Data extracts:
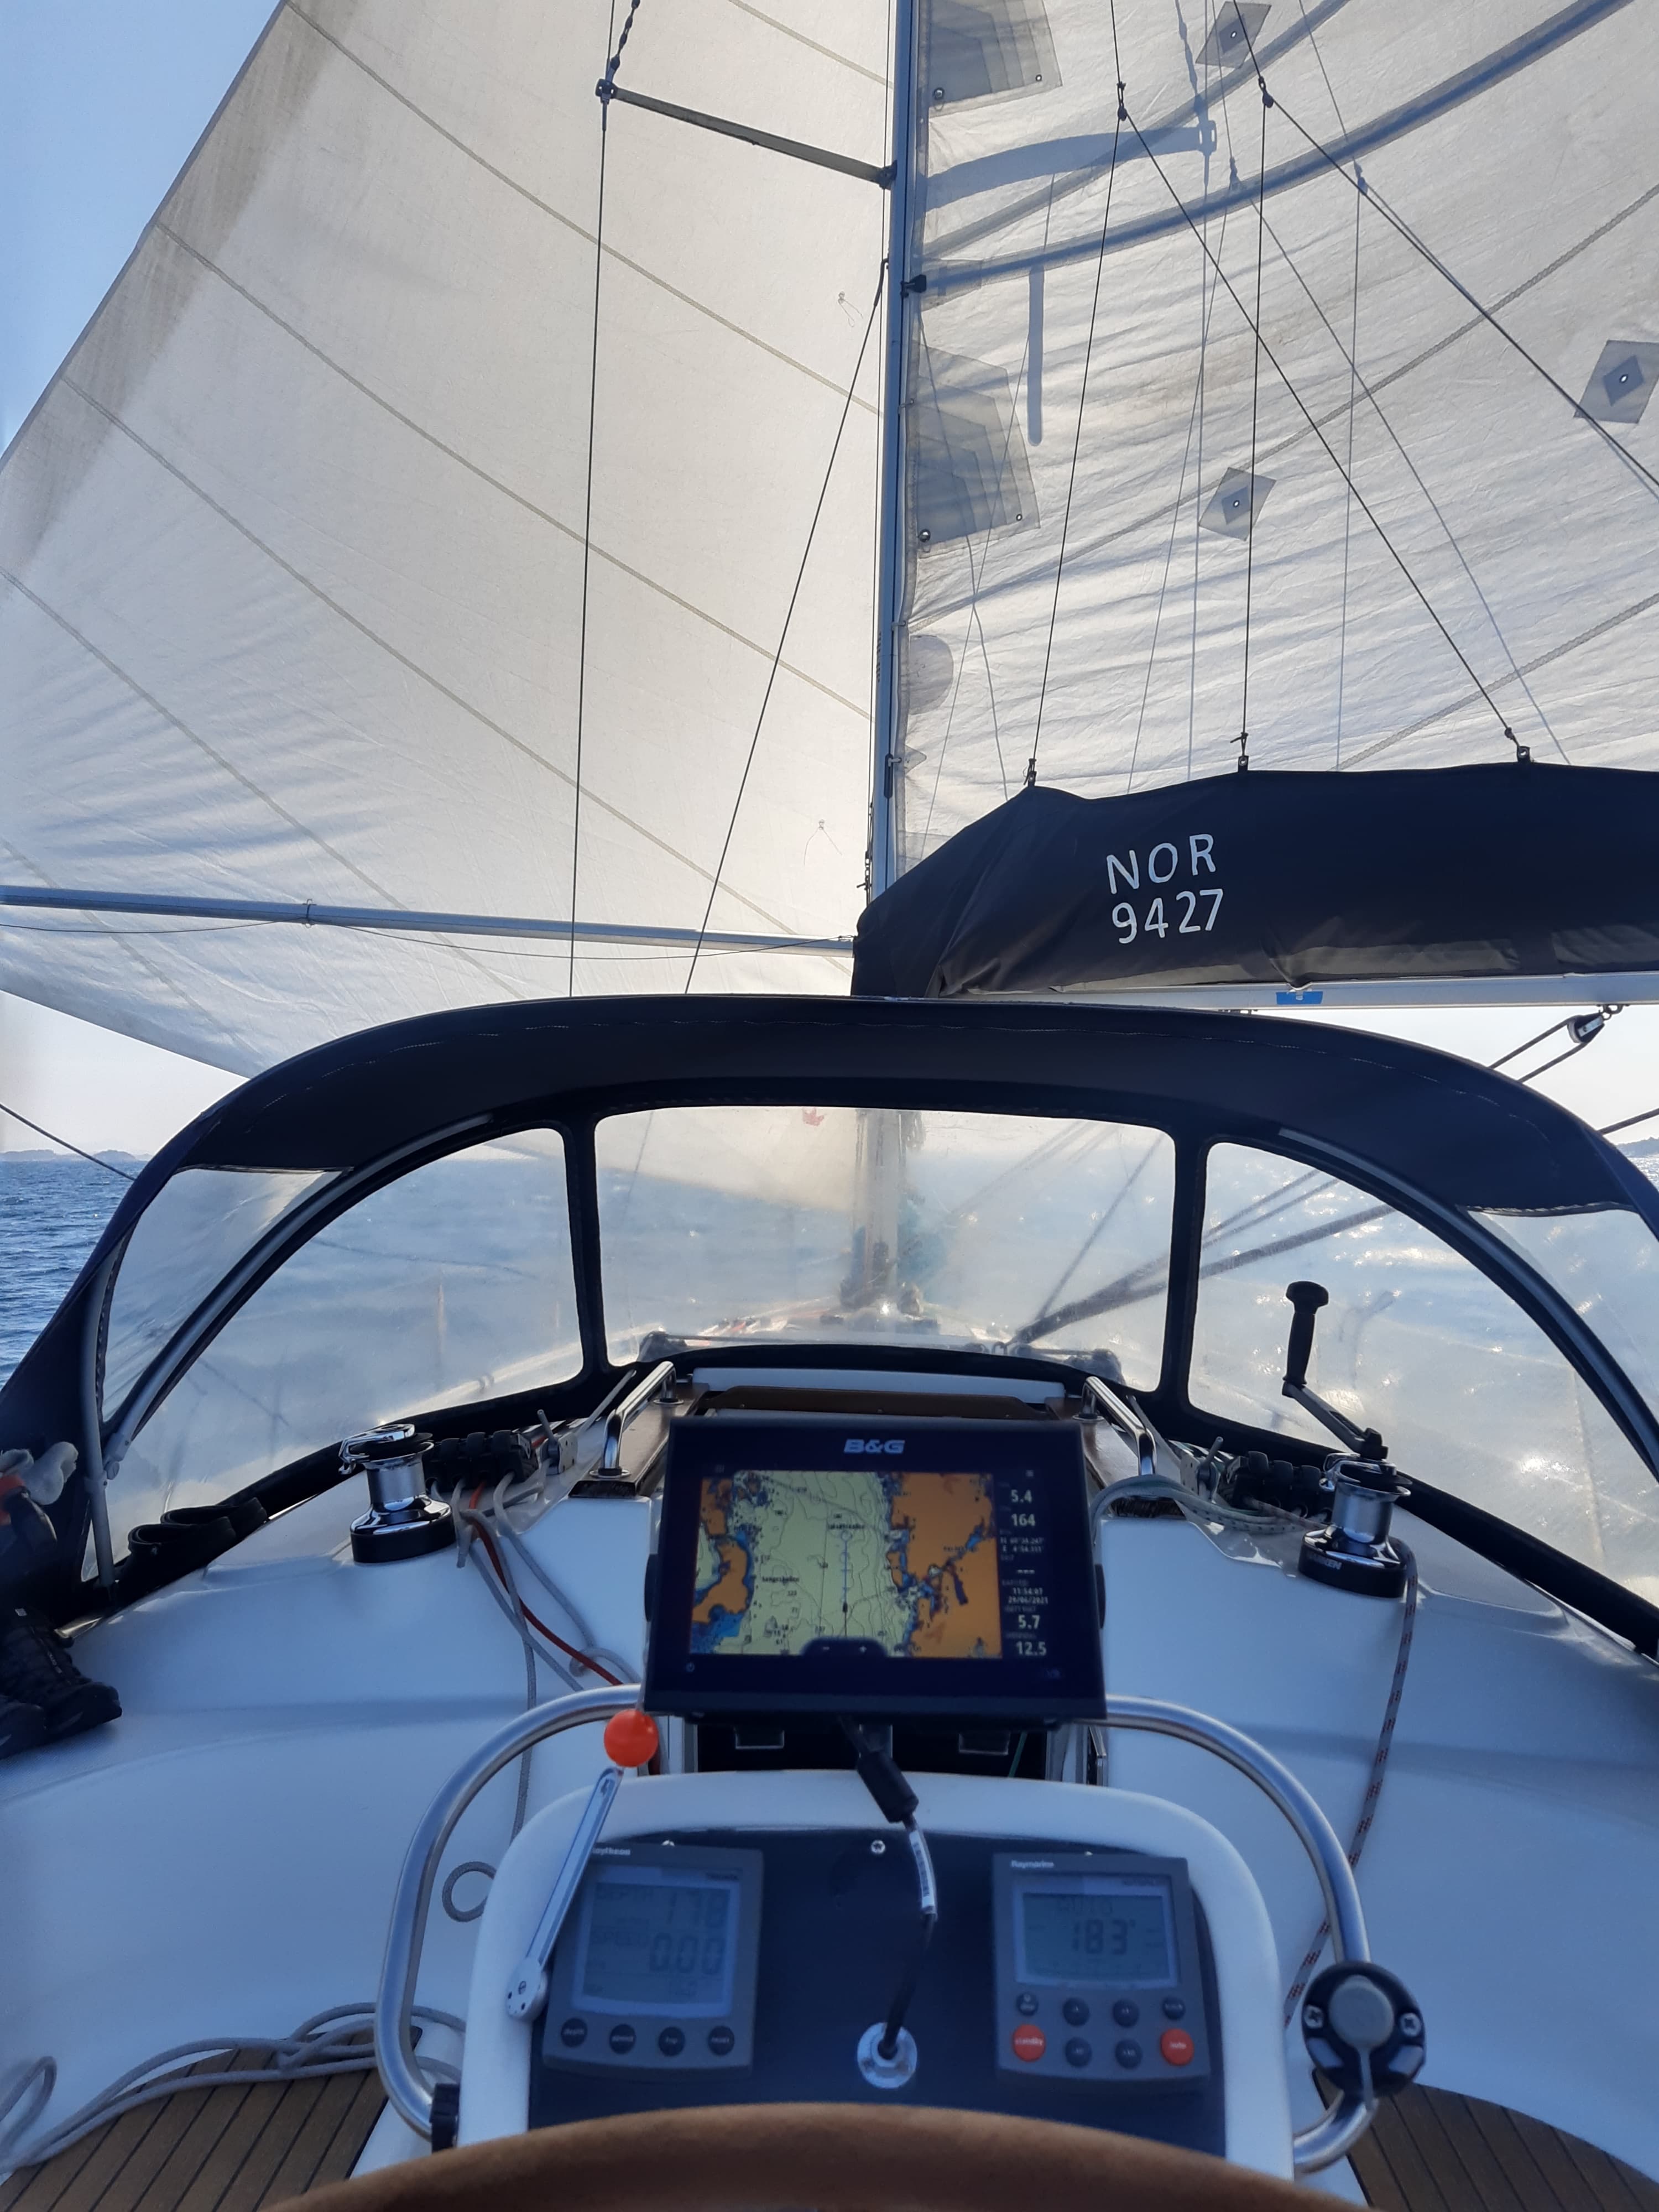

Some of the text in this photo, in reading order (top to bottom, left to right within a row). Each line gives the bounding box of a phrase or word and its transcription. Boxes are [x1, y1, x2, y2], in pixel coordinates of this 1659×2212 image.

[1107, 834, 1215, 894] NOR
[1112, 888, 1223, 943] 9427
[843, 1438, 905, 1454] B&G
[1011, 1489, 1032, 1503] 5.4
[1011, 1514, 1036, 1526] 164
[1018, 1614, 1040, 1629] 5.7
[1016, 1641, 1047, 1656] 12.5

Your objective:
Above are the records; transcribe them exactly without the pictures.

Your solution:
Some of the text in this photo, in reading order (top to bottom, left to right within a row). Each line gives the bounding box of a phrase or word and its transcription. Boxes are [x1, y1, x2, y2], in pixel coordinates of this 1659×2212 image.

[1107, 834, 1215, 894] NOR
[1112, 888, 1223, 943] 9427
[843, 1438, 905, 1454] B&G
[1011, 1489, 1032, 1503] 5.4
[1011, 1514, 1036, 1526] 164
[1018, 1614, 1040, 1629] 5.7
[1016, 1641, 1047, 1656] 12.5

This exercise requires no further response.